Wenn Daten und Applikationen "im Internet" sitzen und der Zugang dazu über ein Smartphone erfolgt, braucht es keine PCs mehr.
Für viel mediale Aufregung sorgte der Launch eines Mobiltelefons durch Google gestern Abend. Selbst die NZZ, sonst eher auf Qualität denn Schnelligkeit erpicht, brachte bereits heute einen (lesenswerten) Blogbeitrag ihres Mitarbeiters Nico Luchsinger.

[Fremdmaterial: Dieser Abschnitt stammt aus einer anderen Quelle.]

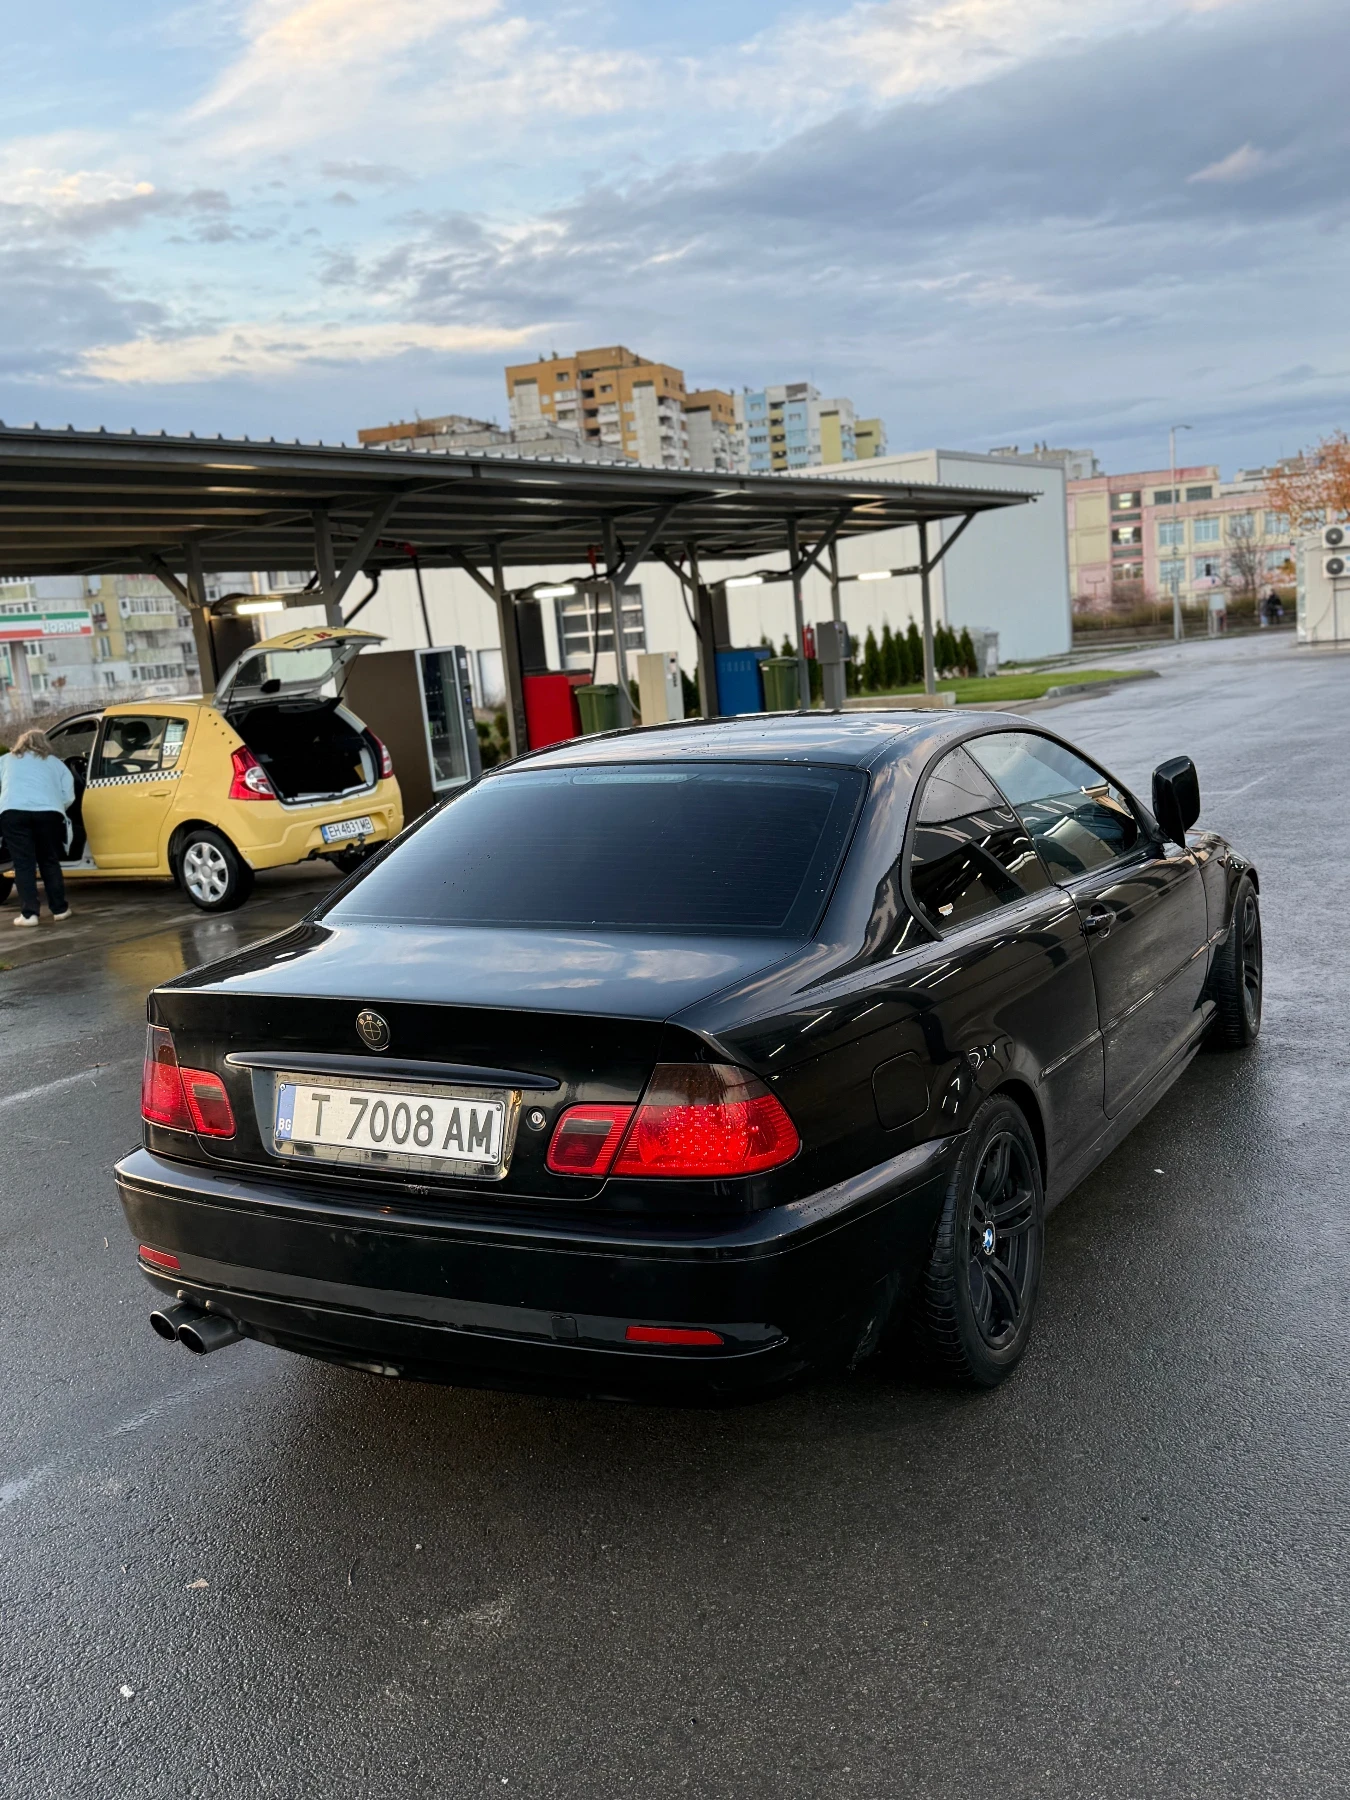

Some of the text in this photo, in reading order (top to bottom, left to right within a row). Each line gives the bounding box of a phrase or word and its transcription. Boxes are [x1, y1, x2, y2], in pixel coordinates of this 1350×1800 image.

[328, 825, 341, 838] EH
[341, 821, 361, 834] 4831
[358, 1014, 384, 1027] BMW
[278, 1117, 292, 1131] BG
[311, 1093, 494, 1154] T 7008 AM
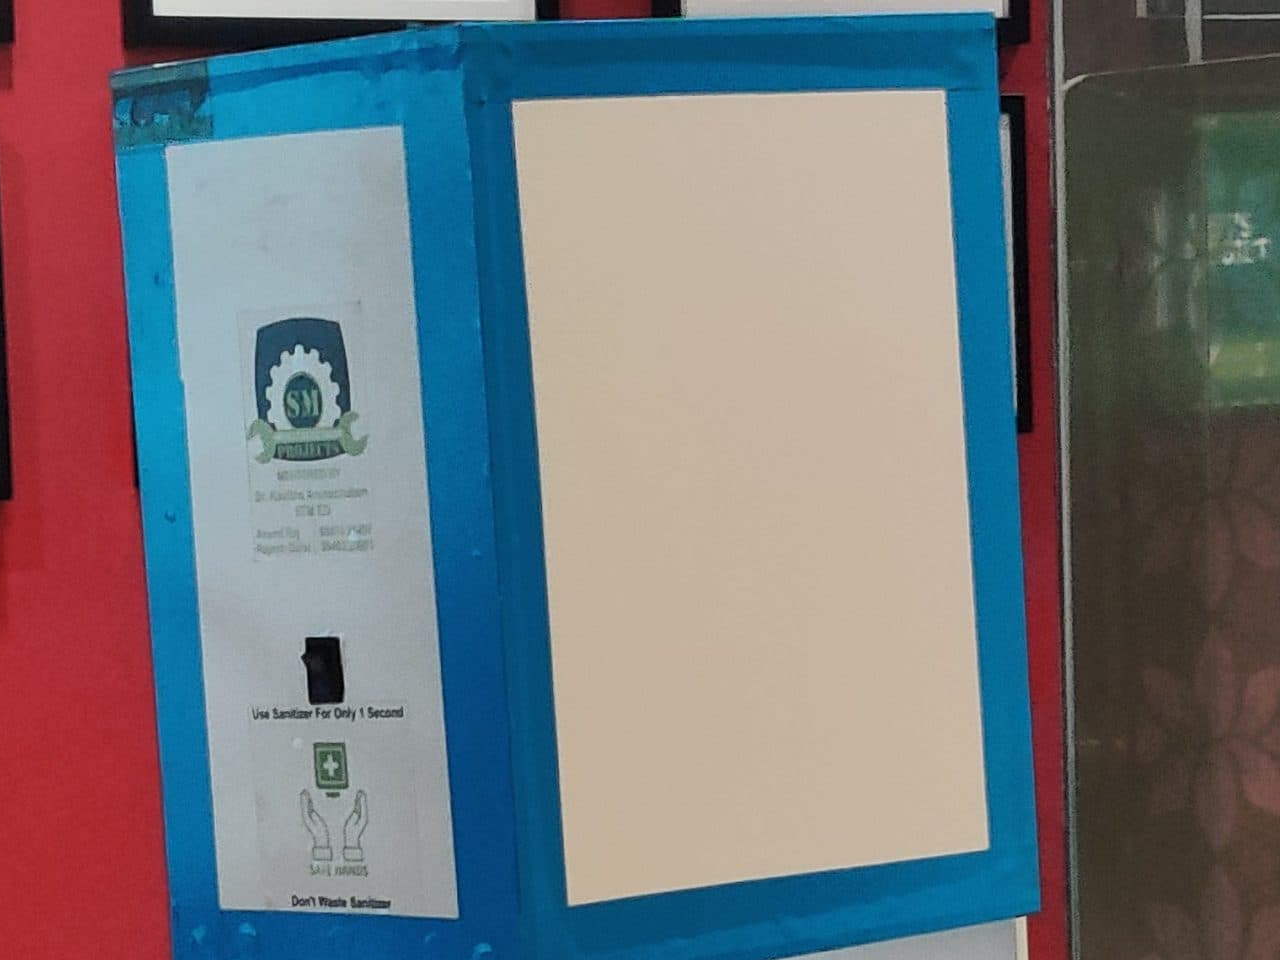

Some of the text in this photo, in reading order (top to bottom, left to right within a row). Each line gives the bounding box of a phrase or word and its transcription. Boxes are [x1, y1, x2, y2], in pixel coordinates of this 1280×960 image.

[285, 389, 320, 418] SM
[251, 707, 270, 720] Use
[272, 706, 313, 720] Sanitizer
[315, 707, 332, 719] For
[334, 706, 357, 722] Only
[367, 705, 404, 719] Second
[291, 895, 392, 909] Don't Waste Sanitizer
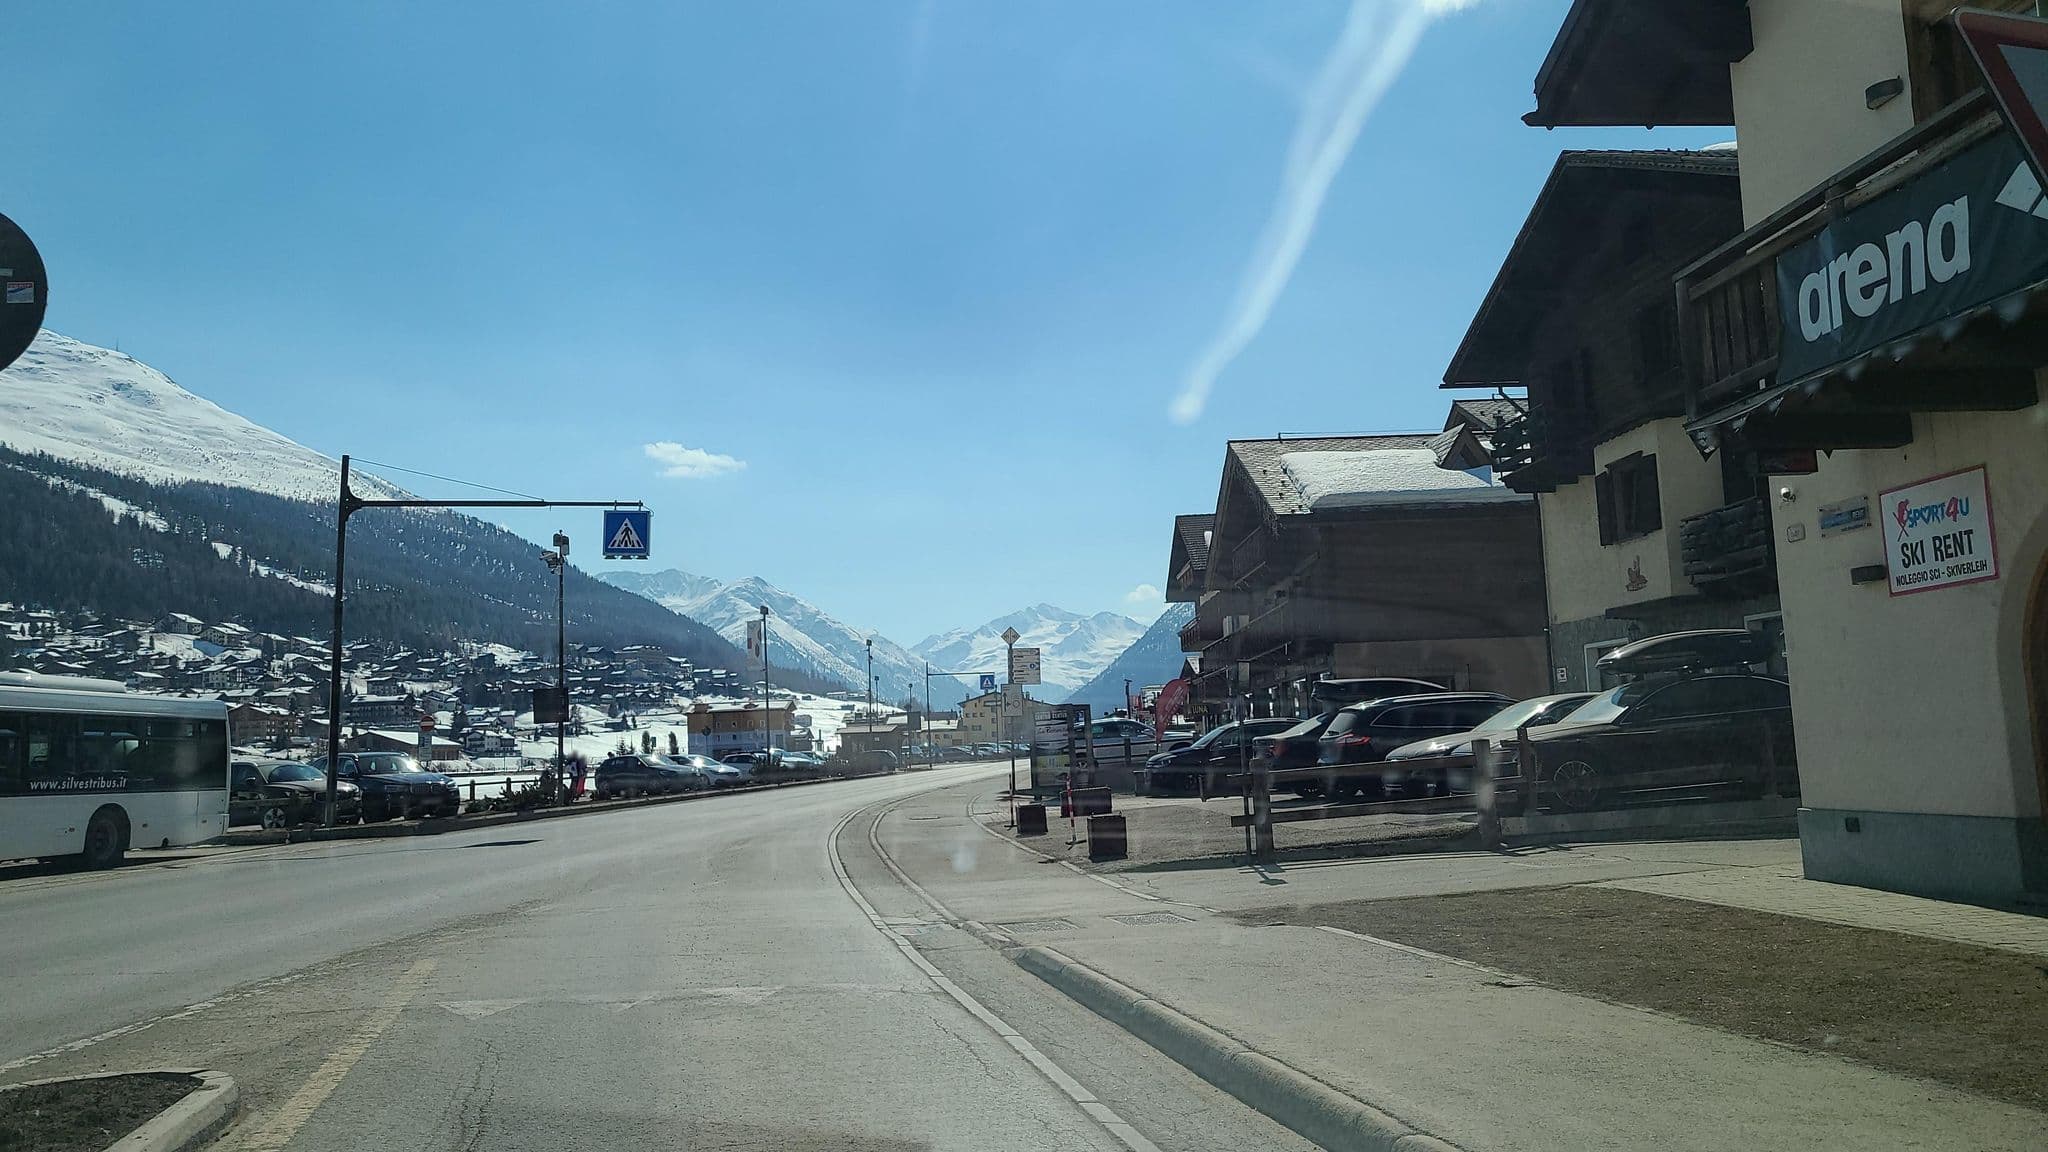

Um es kurz zu machen: Googles 'Nexus One' ist ein Smartphone mit dem Open-Source-Betriebssystem Android (Version 2.1). Es ist etwas flacher als Apples beliebtes iPhone und wird wie dieses über einen berührungsempfindlichen Bildschirm, der aber nicht "Multitouch-fähig" ist, gesteuert. Ebenfalls von Apple abgeschaut ist das Konzept des "App-Store", in dem Anwendungen für Android-Telefone zur Verfügung gestellt werden. Neben dem Touchscreen verfügt Nexus One über Spracherkennung als Interface.
Das Gerät kostet - ohne Subventionierung durch einen Mobilfunk-Anbieter - 529 Dollar und wird in der Schweiz aktuell nicht angeboten. In den USA, Grossbritannien, Hong Kong und Singapur wird es von T-Mobile für 179 Dollar angeboten, später wird es auch von Vodafone subventioniert und verkauft werden. Interessanterweise wird es in den USA nur mit der 3G-Technik von T-Mobile funktionieren, Kunden anderer Mobilfunkdienstleister wie AT&T werden mit EDGE-Technologie und entsprechend niedrigeren Bandbreiten vorlieb nehmen müssen.
Direktvertrieb: Ein Angriff auf Carrier?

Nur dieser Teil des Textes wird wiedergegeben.